Preocupada com o desemprego, Fetrhotel pede o fim das restrições de bares e restaurantes em São Paulo

Inês Ferreira
Sindicalistas garantem que o trabalho do setor é realizado com segurança

Diretores e presidentes de sindicatos filiados à Fetrhotel (Federação Interestadual dos Trabalhadores Hoteleiros de São Paulo e Mato Grosso do Sul) participaram na manhã de hoje de uma manifestação a favor da abertura segura de bares e restaurantes da capital e do interior do Estado. A manifestação ocorreu na avenida Paulista, em frente o Masp (Museu de Arte de São Paulo).

“Se essas restrições continuarem o número de desemprego no setor será incalculável. Os trabalhadores estão tomando todas as medidas de segurança necessária. Essa restrição é muito rigorosa e penaliza diretamente a categoria que é uma das que mais está sofrendo por causa da pandemia”, disse o presidente da Fetrhotel, Cícero Lourenço Pereira.

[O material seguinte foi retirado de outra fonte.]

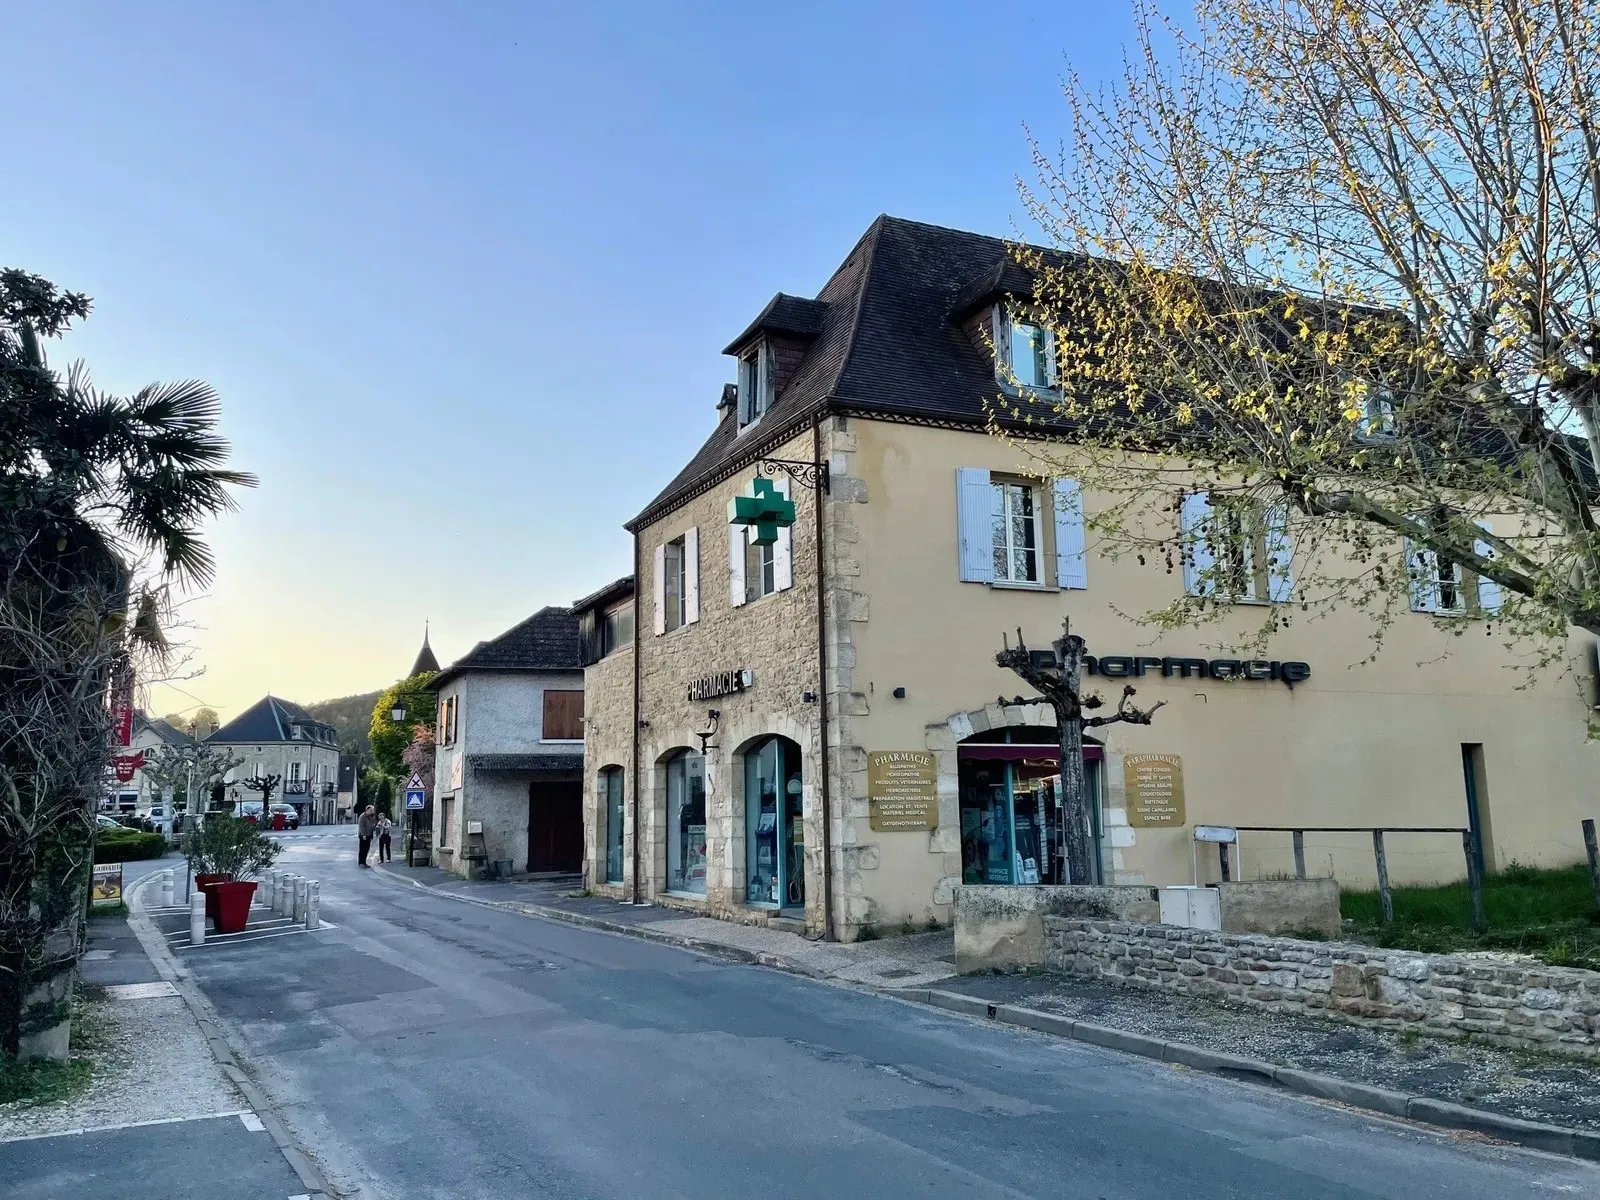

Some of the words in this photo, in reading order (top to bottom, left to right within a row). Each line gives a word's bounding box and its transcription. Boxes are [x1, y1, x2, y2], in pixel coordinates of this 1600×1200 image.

[687, 670, 740, 701] PHARMACIE
[874, 753, 930, 766] PHARMACIE
[1126, 754, 1180, 767] PARAPHARMACIE

O governador João Dória decretou que o estado de São Paulo está na fase vermelha, quando só é permitido o funcionamento de serviços essenciais no comércio como supermercados, farmácias e postos de combustíveis.

Com isso, o funcionamento de bares e restaurantes é permitido das 6h às 20h durante a semana, quando a capital fica na fase laranja. Aos finais de semana, os estabelecimentos não podem abrir ao público e devem atender somente por delivery.

O decreto do governo vale até o dia 7 de fevereiro.

Protesto
O protesto teve início as 10 horas, na avenida Paulista, em frente ao Masp. Durante a manifestação os sindicalistas usaram máscara e respeitaram o distanciamento.

Segundo os sindicalistas, o setor de bares e restaurantes já fecharam cerca de 30% de seus estabelecimentos, por causa da pandemia.

Os donos de empresa afirmam que, no estado, o faturamento dos bares e restaurantes em janeiro caíram em 39% comparado com o mês de dezembro.

A previsão é de que somente na Capital as restrições impostas por Doria resultem em mais de 20 mil demissões.

Diante disso, não houve outra alternativa para os dirigentes sindicais, a não ser ir para a rua protestar contra o governo.